Douglas sighed, handed Burgess his cane, and asked, “Where is Her Ladyship?”
Burgess looked pained but brave. “She is with a person, my lord.”
“A person, you say? Is this person male?”
“Yes, my lord. It is a French male person.”
He immediately thought of Georges Cadoudal and paled. But no, Georges wouldn’t come here. Damn her eyes. Was she trying to spy on him by bribing some Frenchman she’d picked up off the street? “I see. And just where is she with this French male person?”
“In the morning room, my lord.”
“Why did you not inquire the mission of this French male person, Burgess?”
“Her Ladyship said it was none of my affair. Her tone and words were very much in your fashion, my lord.”
“It has never made you shut your mouth before!”
“Her Ladyship also asked me about my nephew who has a putrid throat, my lord. You have never shown such solicitude, thus, I favored her with my silence.”
“Damn you. I didn’t know you had a nephew!”
“No, my lord.”
Douglas, still more intrigued than otherwise, walked quickly down the corridor toward the back of the house. The morning room gave onto the enclosed garden. It was light and airy, a delightful room. He hadn’t been in here often. Sinjun had told him it was a room for the ladies and for him to stay away. He didn’t knock on the door, just opened it quietly. He saw a long-faced young gentleman dressed in frayed black, sitting across from Alexandra. He was silent. She was saying slowly, “Je vais à Paris demain. Je vais prendre mon mari avec moi.”
The young man exploded with evident pleasure. “Excellent, madame! Et maintenant—”
Douglas said abruptly from the doorway, “I am not going with you to Paris tomorrow, Alexandra. Nor is there anything excellent about such a suggestion.”

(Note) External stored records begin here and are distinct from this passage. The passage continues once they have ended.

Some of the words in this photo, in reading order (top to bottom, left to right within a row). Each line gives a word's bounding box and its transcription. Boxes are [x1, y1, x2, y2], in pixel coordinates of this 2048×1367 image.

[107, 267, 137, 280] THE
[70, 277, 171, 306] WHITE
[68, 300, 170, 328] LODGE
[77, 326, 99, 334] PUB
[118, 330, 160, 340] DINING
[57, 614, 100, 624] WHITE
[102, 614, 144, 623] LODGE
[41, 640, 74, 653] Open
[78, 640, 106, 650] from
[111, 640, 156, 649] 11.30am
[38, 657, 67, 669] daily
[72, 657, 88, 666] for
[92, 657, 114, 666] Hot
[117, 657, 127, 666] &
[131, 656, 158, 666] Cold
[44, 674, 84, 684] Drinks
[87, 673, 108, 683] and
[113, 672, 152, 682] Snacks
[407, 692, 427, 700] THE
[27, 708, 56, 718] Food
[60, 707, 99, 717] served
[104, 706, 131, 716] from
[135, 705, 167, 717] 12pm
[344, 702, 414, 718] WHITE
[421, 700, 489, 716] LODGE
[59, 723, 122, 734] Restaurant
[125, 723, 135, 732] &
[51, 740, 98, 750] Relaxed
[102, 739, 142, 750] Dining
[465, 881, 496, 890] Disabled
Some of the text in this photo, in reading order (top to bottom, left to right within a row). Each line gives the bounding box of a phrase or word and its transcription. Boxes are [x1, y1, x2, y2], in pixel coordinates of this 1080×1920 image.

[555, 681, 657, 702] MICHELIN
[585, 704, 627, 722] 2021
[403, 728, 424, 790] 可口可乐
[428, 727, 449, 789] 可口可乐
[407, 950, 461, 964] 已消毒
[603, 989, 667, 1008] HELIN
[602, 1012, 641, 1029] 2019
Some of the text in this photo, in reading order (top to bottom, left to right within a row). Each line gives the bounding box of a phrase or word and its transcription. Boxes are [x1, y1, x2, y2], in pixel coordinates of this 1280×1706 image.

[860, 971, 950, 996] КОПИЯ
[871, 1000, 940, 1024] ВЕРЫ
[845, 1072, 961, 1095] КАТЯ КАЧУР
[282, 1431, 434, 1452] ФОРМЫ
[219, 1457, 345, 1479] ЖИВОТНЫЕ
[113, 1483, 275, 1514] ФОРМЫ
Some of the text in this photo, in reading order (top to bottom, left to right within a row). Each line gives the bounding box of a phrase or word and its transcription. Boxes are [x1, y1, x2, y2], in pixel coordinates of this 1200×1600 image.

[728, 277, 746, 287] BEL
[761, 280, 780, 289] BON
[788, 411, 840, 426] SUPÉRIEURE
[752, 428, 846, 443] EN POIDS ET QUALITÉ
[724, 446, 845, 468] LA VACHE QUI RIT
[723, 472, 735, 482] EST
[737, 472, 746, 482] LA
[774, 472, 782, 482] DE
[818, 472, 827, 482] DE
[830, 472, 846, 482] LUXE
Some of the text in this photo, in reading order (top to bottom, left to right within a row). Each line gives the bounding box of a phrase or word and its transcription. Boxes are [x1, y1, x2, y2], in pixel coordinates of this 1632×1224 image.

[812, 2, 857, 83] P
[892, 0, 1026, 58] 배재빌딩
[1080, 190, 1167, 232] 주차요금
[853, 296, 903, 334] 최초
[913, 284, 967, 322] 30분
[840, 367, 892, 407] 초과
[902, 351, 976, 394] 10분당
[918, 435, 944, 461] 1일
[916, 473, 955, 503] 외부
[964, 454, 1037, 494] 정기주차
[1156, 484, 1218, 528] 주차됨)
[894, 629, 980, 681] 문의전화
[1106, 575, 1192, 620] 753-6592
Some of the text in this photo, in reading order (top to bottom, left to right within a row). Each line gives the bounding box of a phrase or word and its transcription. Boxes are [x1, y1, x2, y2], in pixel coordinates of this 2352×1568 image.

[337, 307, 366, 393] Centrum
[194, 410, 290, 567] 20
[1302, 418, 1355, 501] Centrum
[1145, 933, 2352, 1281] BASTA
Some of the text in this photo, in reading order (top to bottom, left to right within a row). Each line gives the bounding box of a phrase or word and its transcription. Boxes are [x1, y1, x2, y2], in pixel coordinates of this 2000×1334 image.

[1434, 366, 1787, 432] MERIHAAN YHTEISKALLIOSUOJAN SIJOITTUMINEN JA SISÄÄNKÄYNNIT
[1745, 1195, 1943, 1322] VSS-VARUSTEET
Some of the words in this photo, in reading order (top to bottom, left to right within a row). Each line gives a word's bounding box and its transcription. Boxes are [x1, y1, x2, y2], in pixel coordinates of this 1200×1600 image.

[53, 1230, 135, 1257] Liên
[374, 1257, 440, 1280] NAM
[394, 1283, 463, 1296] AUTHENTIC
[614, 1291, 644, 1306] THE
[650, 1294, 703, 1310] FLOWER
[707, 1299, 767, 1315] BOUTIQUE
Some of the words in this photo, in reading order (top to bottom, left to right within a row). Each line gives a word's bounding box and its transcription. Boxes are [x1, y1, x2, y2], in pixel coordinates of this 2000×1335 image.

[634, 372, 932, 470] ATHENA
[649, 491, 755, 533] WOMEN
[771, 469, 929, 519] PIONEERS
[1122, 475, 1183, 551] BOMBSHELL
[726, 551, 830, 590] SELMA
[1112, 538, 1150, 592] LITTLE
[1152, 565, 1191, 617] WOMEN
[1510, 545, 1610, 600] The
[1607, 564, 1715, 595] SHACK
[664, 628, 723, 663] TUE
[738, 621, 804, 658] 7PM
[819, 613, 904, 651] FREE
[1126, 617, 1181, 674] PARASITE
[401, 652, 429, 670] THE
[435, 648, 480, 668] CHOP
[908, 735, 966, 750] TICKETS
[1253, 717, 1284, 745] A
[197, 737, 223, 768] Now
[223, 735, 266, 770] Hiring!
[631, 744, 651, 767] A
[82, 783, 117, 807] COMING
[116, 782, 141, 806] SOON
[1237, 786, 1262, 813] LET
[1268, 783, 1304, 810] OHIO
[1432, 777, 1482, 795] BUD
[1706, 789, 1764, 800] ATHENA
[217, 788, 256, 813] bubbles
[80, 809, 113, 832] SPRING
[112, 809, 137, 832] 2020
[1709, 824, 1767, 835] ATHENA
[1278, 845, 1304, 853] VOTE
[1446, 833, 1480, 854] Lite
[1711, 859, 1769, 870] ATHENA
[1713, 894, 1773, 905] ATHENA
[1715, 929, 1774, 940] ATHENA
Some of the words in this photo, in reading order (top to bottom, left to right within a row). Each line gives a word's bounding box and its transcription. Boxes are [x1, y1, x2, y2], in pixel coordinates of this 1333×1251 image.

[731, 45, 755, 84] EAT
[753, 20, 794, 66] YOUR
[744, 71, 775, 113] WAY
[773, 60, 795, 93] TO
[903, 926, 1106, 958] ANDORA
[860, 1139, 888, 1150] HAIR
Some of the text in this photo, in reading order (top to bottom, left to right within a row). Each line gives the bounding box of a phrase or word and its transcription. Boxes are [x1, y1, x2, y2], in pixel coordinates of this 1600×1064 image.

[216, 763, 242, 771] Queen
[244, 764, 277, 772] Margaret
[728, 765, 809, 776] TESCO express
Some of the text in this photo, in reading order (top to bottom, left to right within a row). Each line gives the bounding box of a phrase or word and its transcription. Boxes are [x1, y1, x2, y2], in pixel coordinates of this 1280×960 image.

Under his fascinated eye, she flushed to the roots of her red hair, sputtered several times, then said to the French male person opposite her, “Je crois que c’est ici mon mari.”
“You only think I’m your husband?” Douglas nodded to the Frenchman, who was now on his feet, staring at him nervously, fiddling with his watch fob. A watch fob!
“What is he doing here, Alexandra?”
She was on her feet too and she was running lightly toward him, giving him a fat smile. “Ah, he is just a very nice young gentleman I met . . . well, yes, I met him at Gunthers’ and I asked him to visit here and we could, well, we could talk about things.”
“Things French?”
“I suppose you could say that.”
“Are you paying him?”
“Well, yes.”
“He is spying for you? Do you expect him to follow me and eavesdrop on my conversations and report back to you?”
She stared at him. “You really believe I would do that, Douglas?”
“No,” he said shortly. “No, I don’t, at least not in the usual run of things. But I do believe you would do anything you could think of to help me even when I don’t require it or want it or need it and would, in fact, beat you if you tried it.”
She cocked her head to one side. “You are saying several things there, Douglas, and I’m not at all certain—”
“Dammit, woman, who is this fellow and what is he doing here?”
Her chin went into the air. “Very well. His name is Monsieur Lessage and he is giving me French lessons.”
“What?”
“You heard me. If you would now leave, Douglas, we are not yet through.”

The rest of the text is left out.